= Robert E. Streeter =

American academic

Robert Eugene Streeter (1916 – June 22, 2002) was an American academic. Throughout most of his academic career, he administered the University of Chicago.

Streeter was born in 1916 in Williamsport, Pennsylvania. He earned a bachelor's degree in English from Bucknell University in 1938, while he had a summer job as a sportswriter. He also earned a master's degree in 1940 and a doctorate in 1943, both from Northwestern University.

Declared ineligible to serve in World War II, Streeter instead began his teaching career at Bucknell University and Seoul National University in South Korea in 1946. The next year, he started teaching at the University of Chicago as an assistant professor of English literature. He became an associate professor in 1953 and then a professor in 1958, both of which specialized in American literature and culture.

Streeter also became a Dean of the College in 1954. At the time, after Robert Maynard Hutchins left the University of Chicago three years prior, a college named after Hutchins was already dismantled. Streeter helped his colleagues form a consensus to build a newer curriculum for students. He became a dean of the humanities division in 1963 and was then re-appointed in 1968. He retired from the University at the age of 70 in 1986. He later became a visiting professor at Colorado College and a visiting scholar of Phi Beta Kappa society.

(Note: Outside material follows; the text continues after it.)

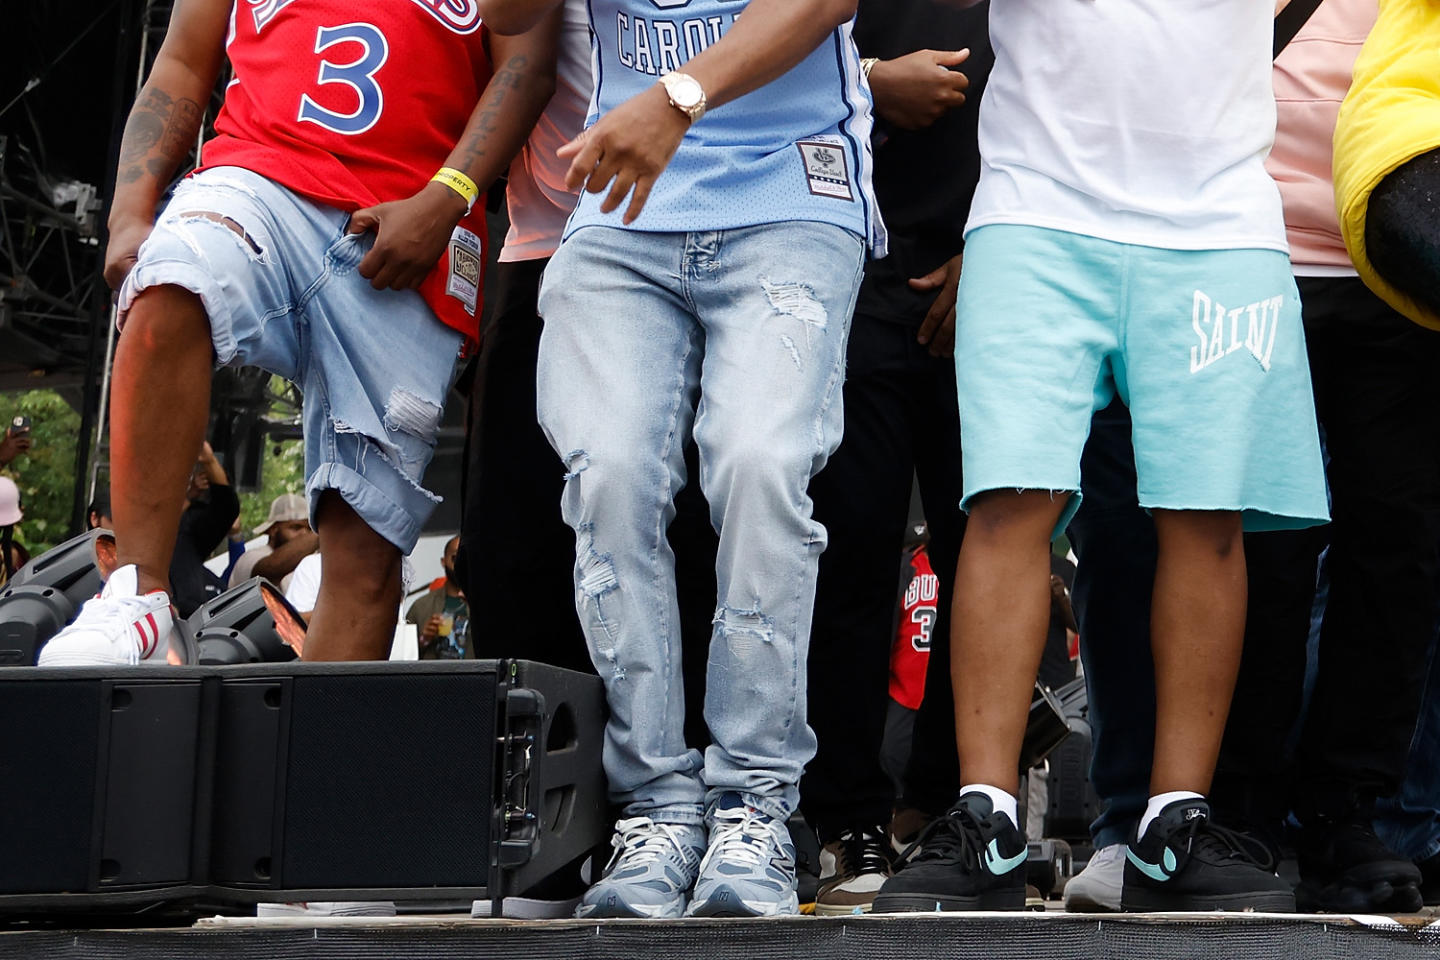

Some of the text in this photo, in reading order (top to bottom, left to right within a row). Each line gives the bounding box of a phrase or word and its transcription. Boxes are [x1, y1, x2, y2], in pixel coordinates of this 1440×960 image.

Streeter earned an honorary degree of Doctor of Humane Letters in 1960 from and was given an Alumni Association Award in 1995 by the Bucknell University.

Streeter married Ruth Parker in 1941. His wife Ruth was a Tennessee elementary school teacher and a Chicago volunteer of children's literary. In 1988, two years after retirement, the married couple moved to Lewisburg, Pennsylvania. She died in 1998. Together Robert and Ruth had two children. Their son Allyn is a contracting director for the federal government. Their daughter Frear Streeter Simors is an editor for LexisNexis. They also have four grandchildren.

Streeter died on June 22, 2002, at the age of 85 in Geisinger Medical Center in Danville, Pennsylvania, of post-surgery complications, according to his son Allyn.

== Selected works ==
As author
- Streeter, Robert E. (1977). "WASPs and Other Endangered Species"

As editor
- The Province of Prose. Edited by William R. Keast and Streeter. New York City: Harper & Brothers, 1956. Second edition: 1959.
- Bucknell: Now & Then: A Sesquicentennial Miscellany. Dallas, Texas: Taylor Publishing Company, 1995.